Our studies demonstrate that, in the mouse, exposure to exogenous estrogens during testis development permanently alters spermatogenesis in the adult. The nature of the alteration—a reduction in meiotic recombination as assessed by MLH1 levels at pachytene—is interesting for two reasons. First, reducing levels of recombination leads to the failure of some homologs to form a site of exchange, resulting in the robust elimination of spermatocytes [39, 48, 49]. Thus, the reduced recombination evident as both a decrease in MLH1 foci at pachytene and an increased frequency of univalents at MI in exposed males provides mechanistic support for an important tenet of the Estrogen Hypothesis, i.e., that exposure to exogenous estrogens can lead to a reduction in sperm counts. Second, the fact that the recombination phenotype persists when germ cells are transplanted to an unexposed testicular environment suggests that estrogenic exposures induce permanent changes to the SSCs of the developing testis. Importantly, the finding that changes induced in SSCs during testis development influence recombination levels in the adult provides new insight to the setting of meiotic recombination levels in mammals.

Neonatal estrogenic exposure increases spermatocyte abnormalities

The negative effects of estrogenic chemicals on the developing male include an expanding list of subtle changes to the developing brain, reproductive tract, and testis. Changes in all three have the potential to induce major reproductive repercussions and, although it is widely accepted that developmental exposure adversely impacts spermatogenesis in adulthood, the biological underpinnings remain unclear. Our findings provide a direct mechanistic link between exposure and negative impacts on the germ cell. We observed a reduction in MLH1 levels with estrogenic exposure and a corresponding increase in apparent recombination failure. Consistent with the expectation that recombination failure would lead to an increased incidence of univalents at metaphase I, the incidence of both autosomal and sex chromosome univalents at metaphase I was increased in EE-exposed males (Table 2). Because the action of the spindle assembly checkpoint (SAC) is robust in the male [39, 49], we did not expect that such cells would complete the first meiotic division. Although our data suggest that, indeed, the vast majority of cells with errors were eliminated at MI, we did observe a few abnormal cells at MII in EE-exposed males, including three cells with separated chromatids, two cells with a single extra chromatid, and one cell missing a chromatid (Table 3). These were likely the product of univalents that were able to biorient, as in mitotic cells, and escape detection by the checkpoint at MI [50]. Although we did not test for it, the prediction is that the vast majority of such cells should be eliminated by the actions of the SAC at MII, and the incidence of aneuploid sperm should not be elevated or only slightly elevated in EE-exposed males.

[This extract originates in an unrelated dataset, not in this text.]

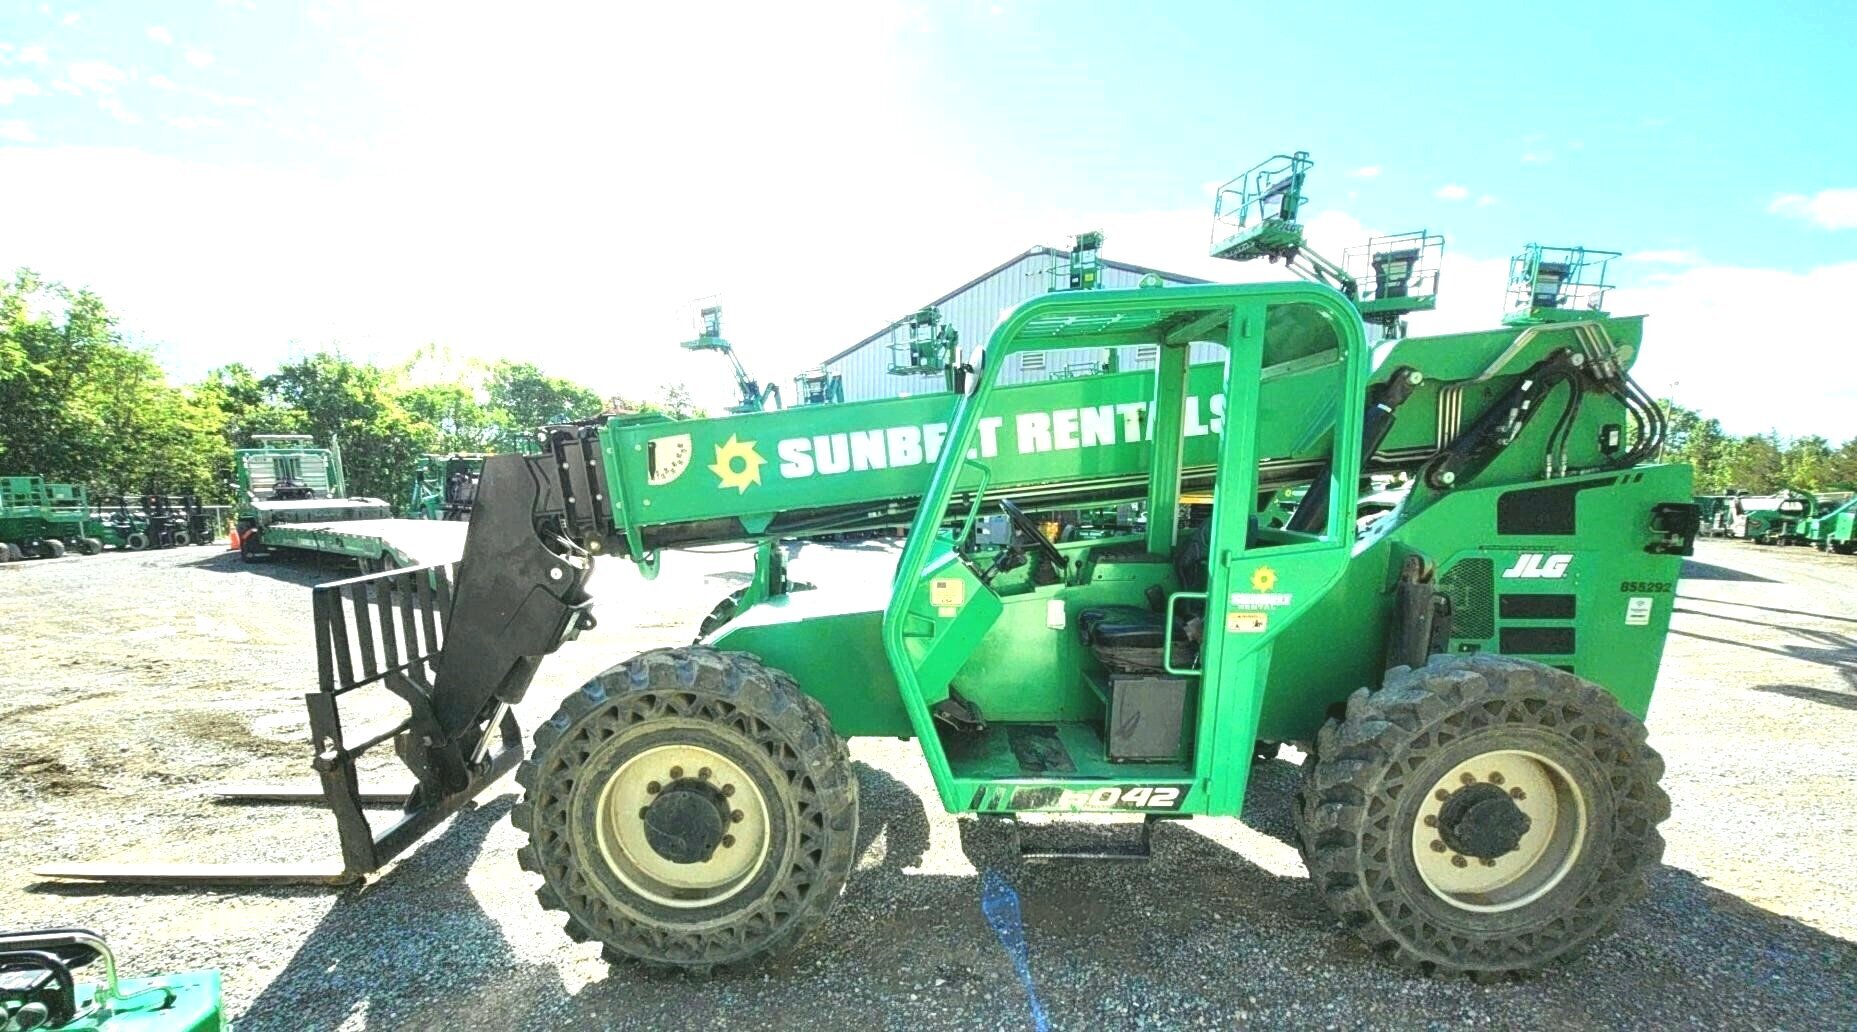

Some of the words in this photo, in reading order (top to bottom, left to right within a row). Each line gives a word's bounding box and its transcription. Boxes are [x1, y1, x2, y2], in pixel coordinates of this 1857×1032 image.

Evidence that the spermatogonial stem cell is altered

To determine if the recombination effects induced by exogenous estrogens are due to changes in the germline, we transplanted germ cells purified from 13 dpp placebo and EE-exposed males into the testes of W/Wv males (Fig. 3). We reasoned that an effect mediated by changes to the somatic cell compartment would be ameliorated by transplantation of germ cells to an unexposed somatic environment. Our meiotic analyses of cells within spermatogenic colonies regenerated by transplanted SSCs, however, demonstrated consistently lower MLH1 levels in the testis transplanted with exposed cells by comparison with the contralateral placebo transplanted testis (Table 4). The persistence of the recombination phenotype in transplanted germ cells provides evidence that estrogenic exposure alters the SSCs. Interestingly, MLH1 levels in meiocytes from both placebo- and EE-exposed males were slightly higher in transplanted testes than in intact C3H males (e.g., 22.98 ± 0.13 placebo vs. 24.11 ± 0.21 transplant placebo, p<0.0001, Table 1 and Table 4), suggesting that the transplantation procedure itself, (e.g., cell isolation, colonization, or genetic differences between donor and recipient) may affect the epigenome of the SSC. Epigenetic changes induced by transplantation may also provide an explanation for the single transplanted male that did not exhibit a recombination difference between the testes transplanted with placebo and exposed cells (Table 4). Nevertheless, the finding of a slight transplantation effect supports the hypothesis that subtle epigenetic changes to the SSC can induce significant changes in recombination.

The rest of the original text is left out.